High plasma bile acid (BA) levels in individuals with cholestasis affect adenosine (Ado) receptor (AdoR) signaling, but the underlying mechanisms are unclear. Here, we investigated BA interference with cellular Ado transport as a putative mechanism for altering extracellular Ado availability for AdoR signaling. Computational modeling and experimental studies revealed that equilibrative nucleoside transporter 2 (ENT2), but not ENT1, is capable of translocating BAs across the mammalian plasma membrane. ENT2-mediated BA transport has low affinity, is pH independent, and is partially sensitive to inhibition by nitrobenzylthioinosine (NBMPR).

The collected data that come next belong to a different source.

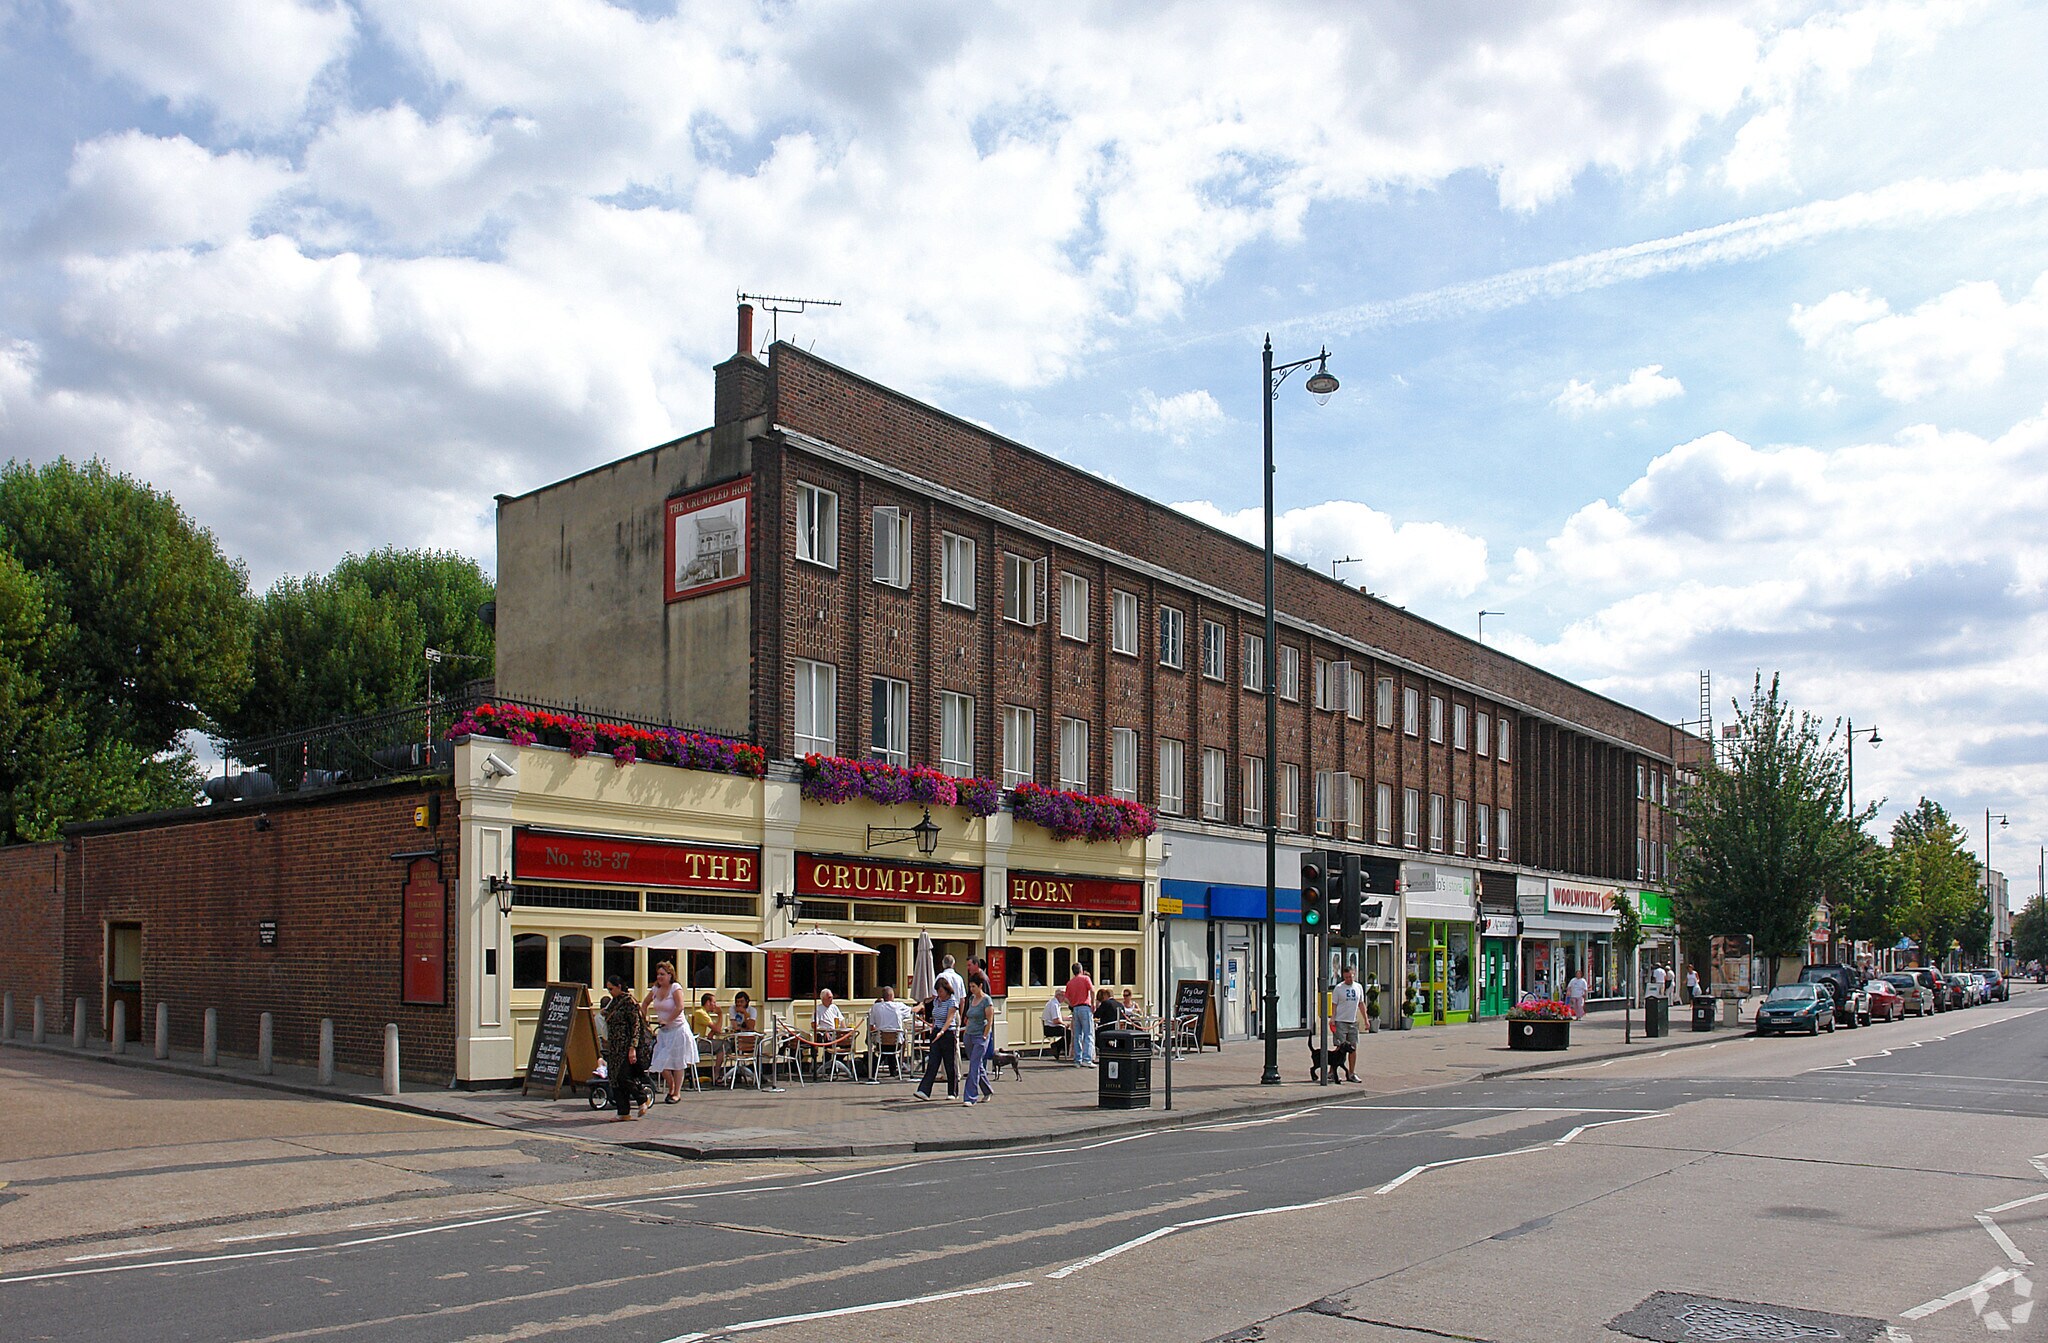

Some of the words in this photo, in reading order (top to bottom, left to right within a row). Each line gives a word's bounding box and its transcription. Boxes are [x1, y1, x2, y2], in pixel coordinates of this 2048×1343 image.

[669, 502, 684, 514] THE
[687, 488, 729, 509] CRUMPLED
[545, 846, 575, 867] No.
[582, 848, 631, 870] 33-37
[685, 853, 752, 882] THE
[813, 863, 966, 896] CRUMPLED
[1012, 879, 1074, 903] HORN
[1553, 887, 1601, 909] WOOLWORTHS
[553, 992, 571, 1003] House
[1181, 996, 1204, 1004] Delicious
[1183, 987, 1192, 996] Try
[1193, 988, 1205, 996] Our
[1346, 989, 1356, 998] 29
[548, 1001, 570, 1013] Doubles

At cholestatic plasma concentrations of BAs, however, BAs interfere with Na-independent, NBMPR-sensitive, ENTs without affecting Na-driven, NBMPR-insensitive, concentrative nucleoside transporters. Interestingly, this BA interference with ENT transport was largely selective for Ado, with minimal to no impact on the transport of other purine or pyrimidine nucleosides. Xenopus oocyte-based studies demonstrated that BA inhibition of Ado transport is in the order ENT3≥ENT2>ENT1, which also corresponds to the intrinsic ability of individual ENTs to transport BAs. In silico analysis revealed that Ado and BA tend to occupy similar spaces within the ENT translocation pores and that the polar and hydrophilic pore-lining residues determine the interaction of ENTs with BAs. Furthermore, in vivo studies indicated that the accumulation of extraneously administered Ado decreases in the livers of cholestatic mice and that interference with Ado transport alters AdoR signaling. Together, these findings reveal novel ENT-dependent BA‒Ado interactions that may have implications for BA dysregulation of AdoR signaling in cholestatic liver diseases.